I look forward to my next pregnancy so I can finally, hopefully put this breastfeeding guilt/remorse to rest. I pat myself on the back knowing I am half way to my goal of two years, that the boys don't seem to want to stop, I don't want to stop, and they're thriving. Yet sometimes I still beat myself up that I went back to work and had a relatively crap response to the pump (crap for two babies, fine for one, yes I still tell myself that LIKE IT HELPS) and the boys get bottles and I don't NIP enough/didn't enough.

We're all really lucky though. And happy. Mike and I, despite our lack of physical intimacy as of late, found ourselves talking about how we don't worry about our relationship.
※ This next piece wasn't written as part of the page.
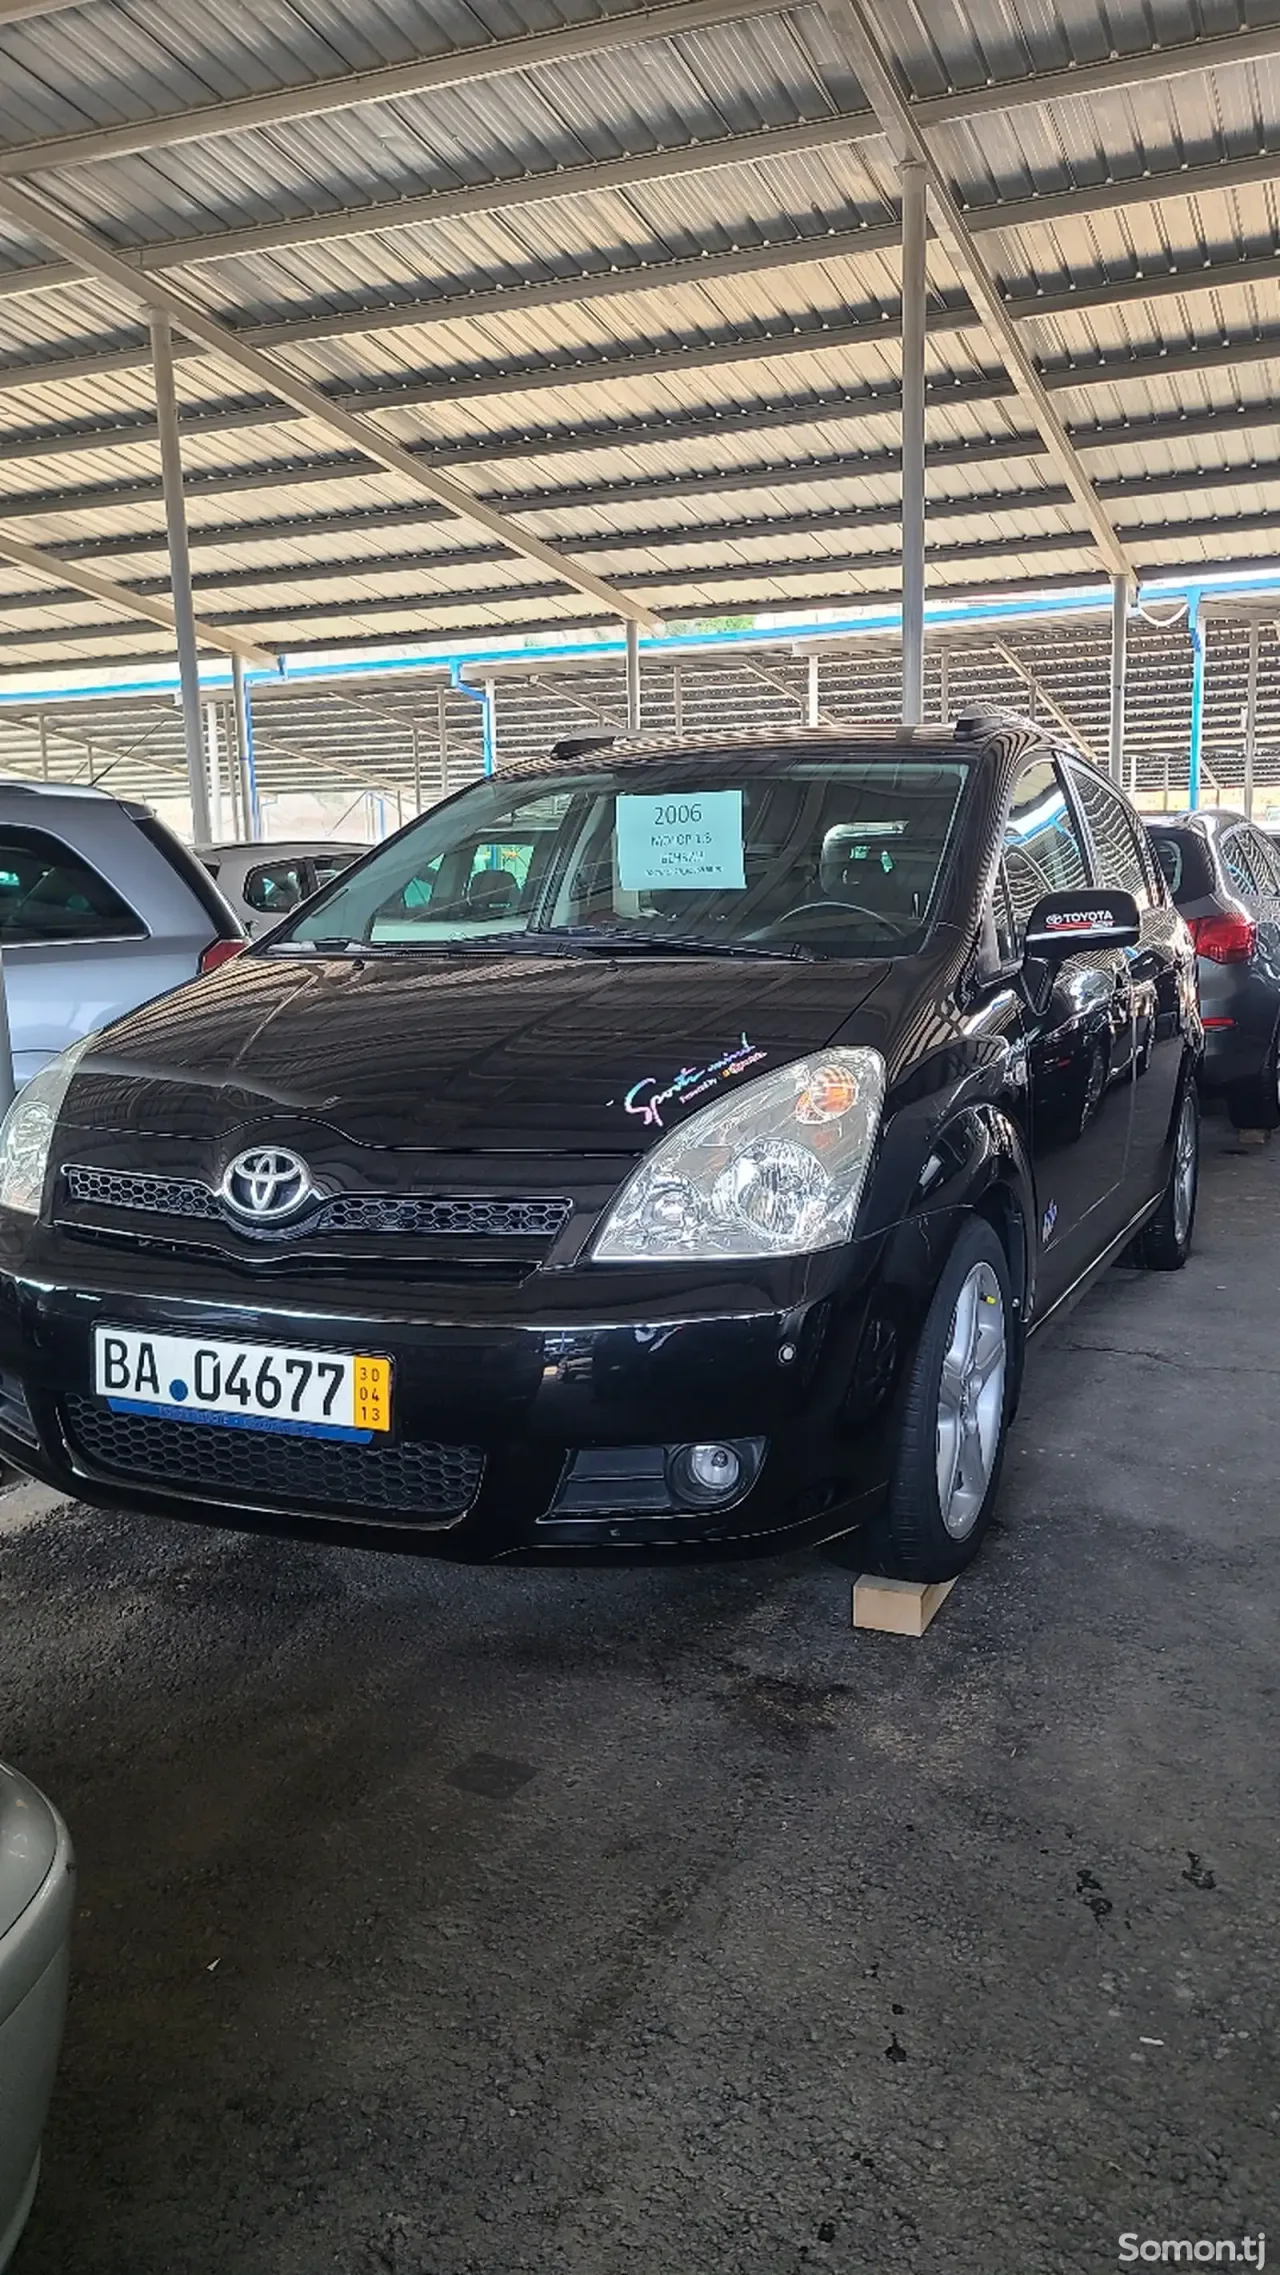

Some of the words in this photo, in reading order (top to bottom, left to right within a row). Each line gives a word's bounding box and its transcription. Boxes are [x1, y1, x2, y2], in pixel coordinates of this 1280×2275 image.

I mean, if I sat down I'd of course tell everyone near me how over the moon we are for each other, but when I don't pause to think about it it's just so obvious and comfortable. We had a lengthy chat tonight about what in the hell could even break us up and I said that I am a horrible mess and it drives EVERYONE NEAR ME INSANE. He said I was right and of course he'd be the one to leave. Then I told him about how I feel like if I really wanted to do a thing he wouldn't stop me, like going back to school. He suggested I stay with the Bucks and I pointed out that if I want to go farther I have to work longer hours and with the boys I just don't want to.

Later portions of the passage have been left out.